*Supplied information*:
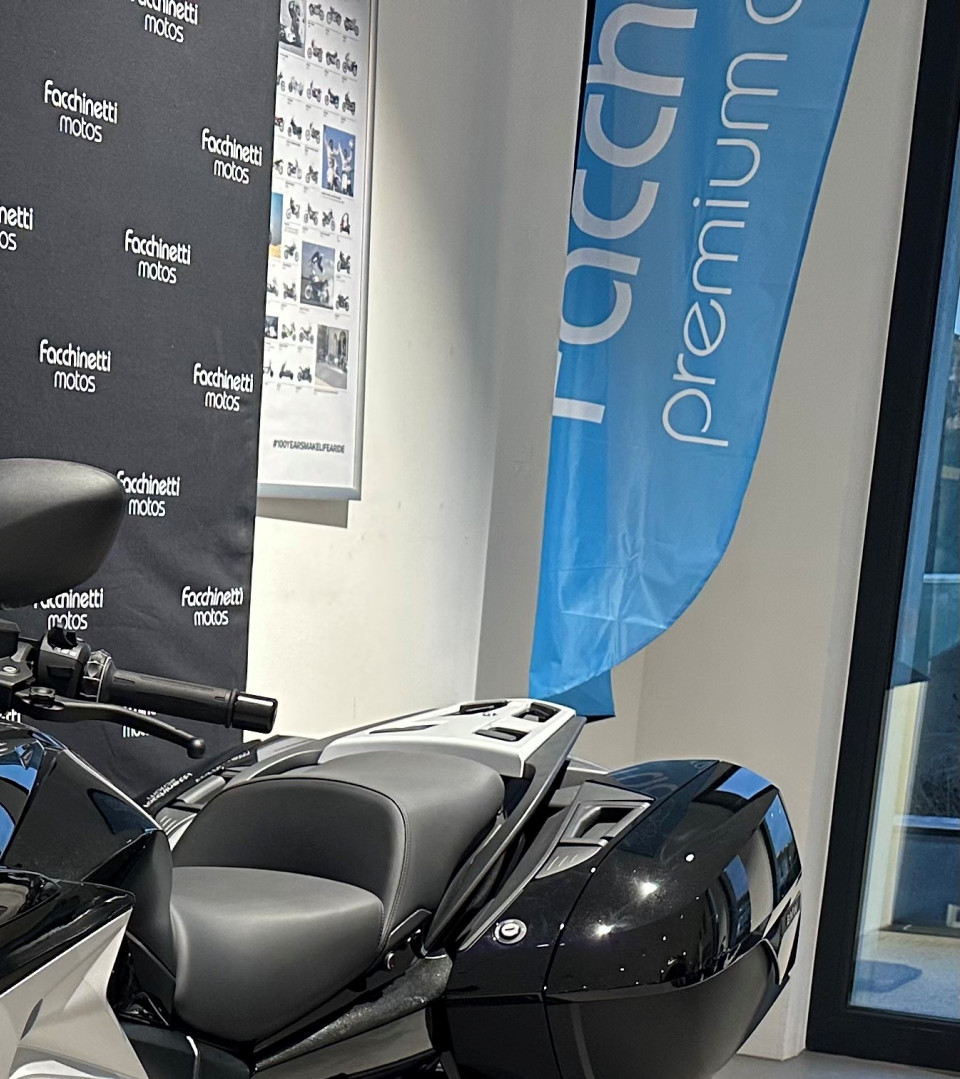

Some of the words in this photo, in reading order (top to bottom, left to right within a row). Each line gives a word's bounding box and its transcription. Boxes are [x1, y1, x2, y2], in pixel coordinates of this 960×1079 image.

[144, 14, 184, 42] motos
[44, 80, 118, 125] Facchinetti
[59, 115, 103, 143] motos
[202, 128, 263, 167] Facchinetti
[213, 160, 250, 185] motos
[125, 229, 191, 265] Facchinetti
[661, 53, 788, 448] premium
[138, 260, 177, 284] motos
[40, 338, 112, 373] Facchinetti
[54, 369, 96, 393] motos
[193, 362, 254, 394] Facchinetti
[204, 391, 241, 412] motos
[128, 496, 166, 517] motos
[181, 586, 244, 607] Facchinetti
[193, 610, 229, 627] motos
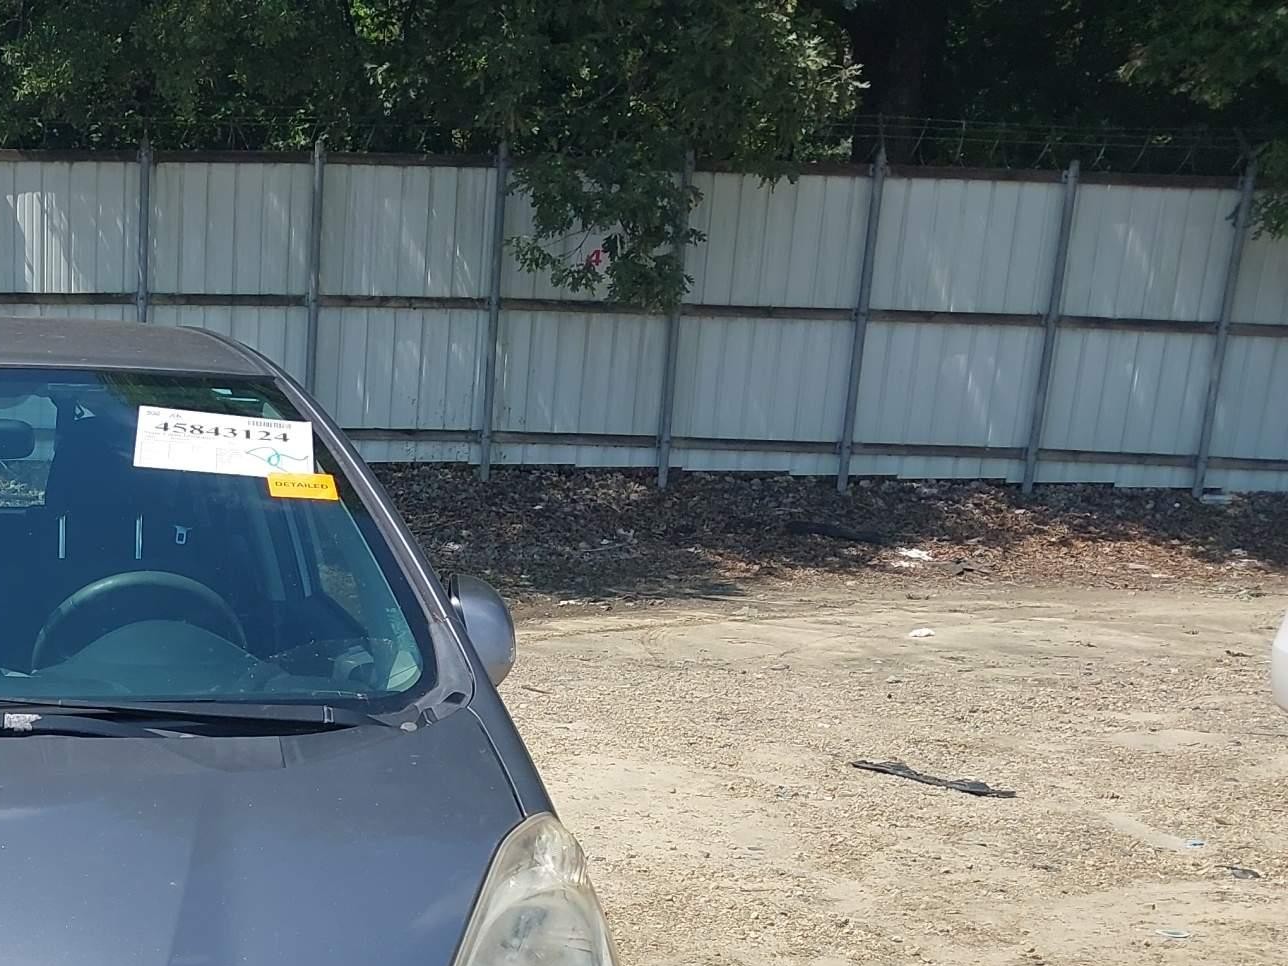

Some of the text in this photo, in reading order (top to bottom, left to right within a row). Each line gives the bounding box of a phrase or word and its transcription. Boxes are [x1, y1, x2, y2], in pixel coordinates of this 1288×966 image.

[588, 249, 602, 266] 4
[155, 421, 290, 442] 45843124
[274, 480, 329, 490] DETAILED
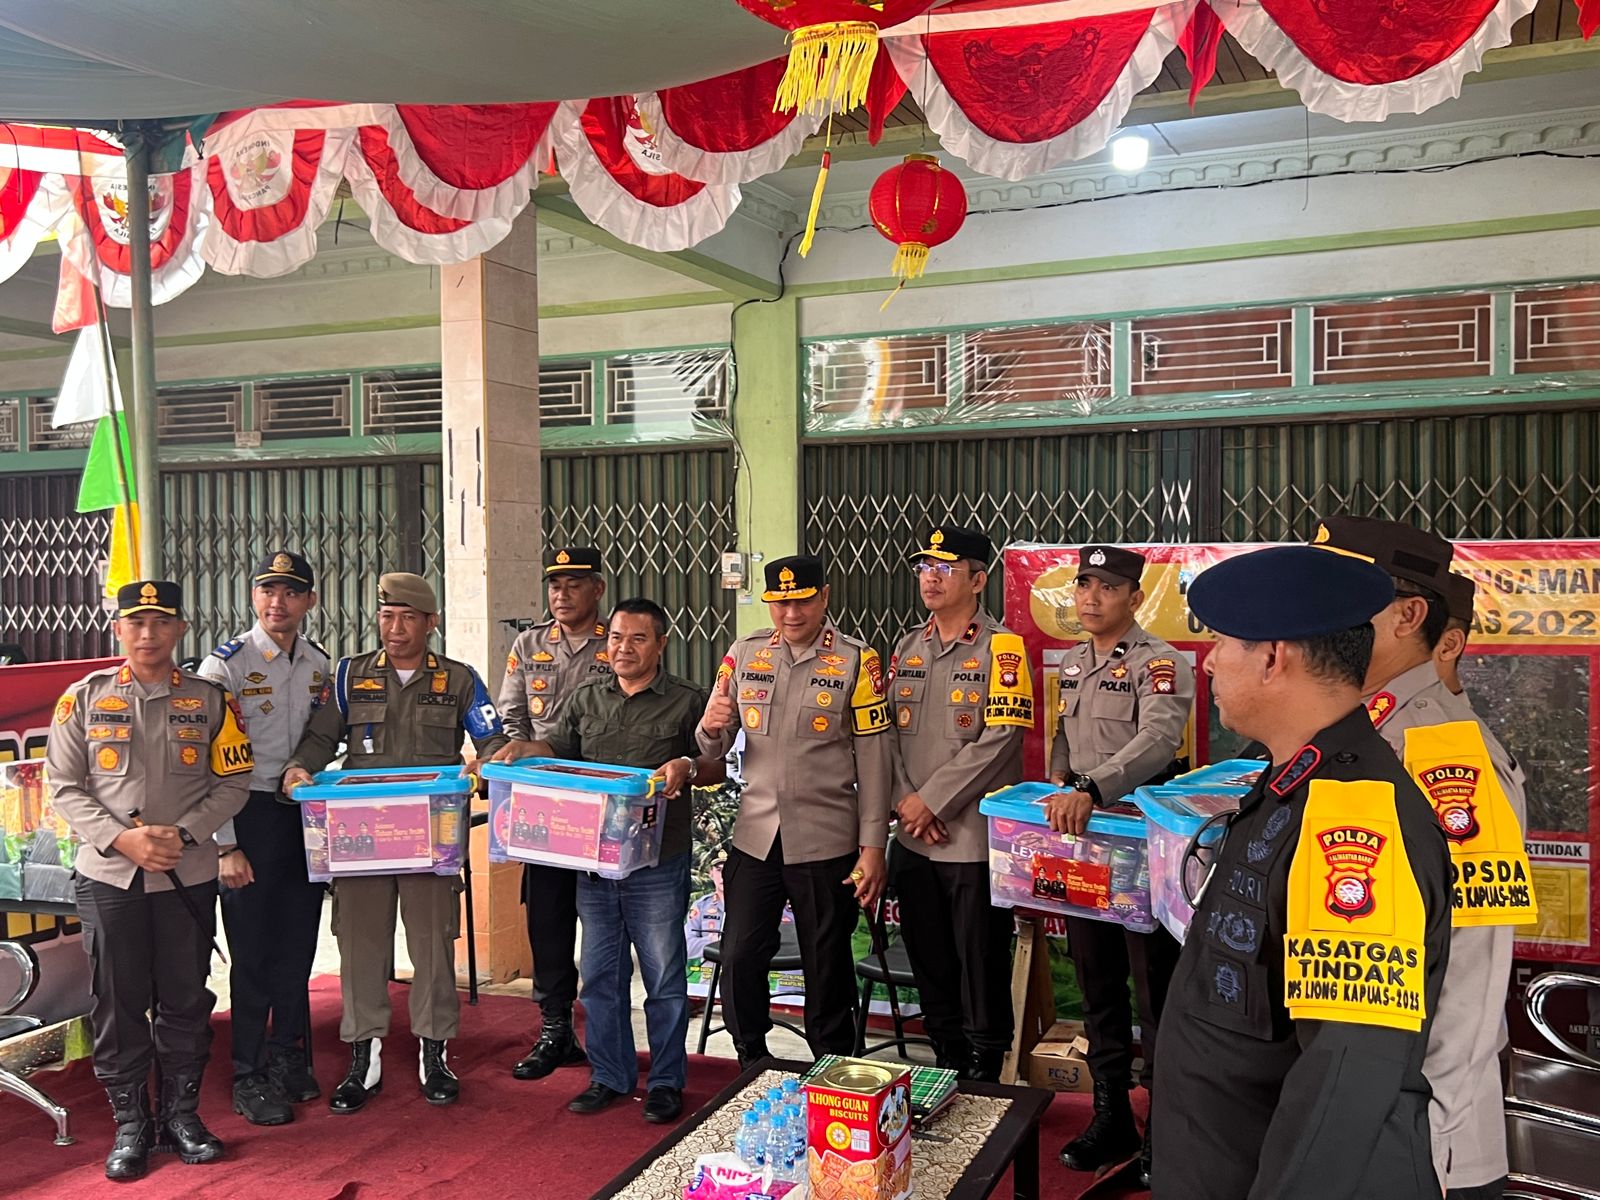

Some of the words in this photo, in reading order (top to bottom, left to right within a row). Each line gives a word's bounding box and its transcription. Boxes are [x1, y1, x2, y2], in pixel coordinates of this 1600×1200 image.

[588, 664, 612, 675] POL
[953, 671, 986, 682] POLRI
[811, 678, 844, 690] POLRI
[1099, 680, 1131, 692] POLRI
[169, 715, 208, 724] POLRI
[1426, 768, 1475, 784] POLDA
[1322, 829, 1379, 850] POLDA
[1011, 843, 1055, 859] LEX
[1524, 843, 1583, 857] RTINDAK
[1288, 938, 1418, 968] KASATGAS
[1299, 959, 1405, 987] TINDAK
[1305, 980, 1338, 1000] LIONG
[809, 1091, 841, 1108] KHONG
[842, 1098, 869, 1113] GUAN
[829, 1108, 868, 1122] BISCUITS

*Exercise details*:
Pictures are to be left out; everything else in the records gets retyped exactly.

*Response to the task*:
Some of the words in this photo, in reading order (top to bottom, left to right within a row). Each line gives a word's bounding box and its transcription. Boxes are [x1, y1, x2, y2], in pixel coordinates of this 960×1079 image.

[144, 14, 184, 42] motos
[44, 80, 118, 125] Facchinetti
[59, 115, 103, 143] motos
[202, 128, 263, 167] Facchinetti
[213, 160, 250, 185] motos
[125, 229, 191, 265] Facchinetti
[661, 53, 788, 448] premium
[138, 260, 177, 284] motos
[40, 338, 112, 373] Facchinetti
[54, 369, 96, 393] motos
[193, 362, 254, 394] Facchinetti
[204, 391, 241, 412] motos
[128, 496, 166, 517] motos
[181, 586, 244, 607] Facchinetti
[193, 610, 229, 627] motos

Some of the text in this photo, in reading order (top to bottom, left to right within a row). Each line gives the bounding box of a phrase or word and its transcription. Boxes are [x1, y1, x2, y2], in pixel coordinates of this 1288×966 image.

[588, 249, 602, 266] 4
[155, 421, 290, 442] 45843124
[274, 480, 329, 490] DETAILED

Some of the words in this photo, in reading order (top to bottom, left to right within a row). Each line gives a word's bounding box and its transcription. Boxes are [x1, y1, x2, y2], in pixel coordinates of this 1600×1200 image.

[588, 664, 612, 675] POL
[953, 671, 986, 682] POLRI
[811, 678, 844, 690] POLRI
[1099, 680, 1131, 692] POLRI
[169, 715, 208, 724] POLRI
[1426, 768, 1475, 784] POLDA
[1322, 829, 1379, 850] POLDA
[1011, 843, 1055, 859] LEX
[1524, 843, 1583, 857] RTINDAK
[1288, 938, 1418, 968] KASATGAS
[1299, 959, 1405, 987] TINDAK
[1305, 980, 1338, 1000] LIONG
[809, 1091, 841, 1108] KHONG
[842, 1098, 869, 1113] GUAN
[829, 1108, 868, 1122] BISCUITS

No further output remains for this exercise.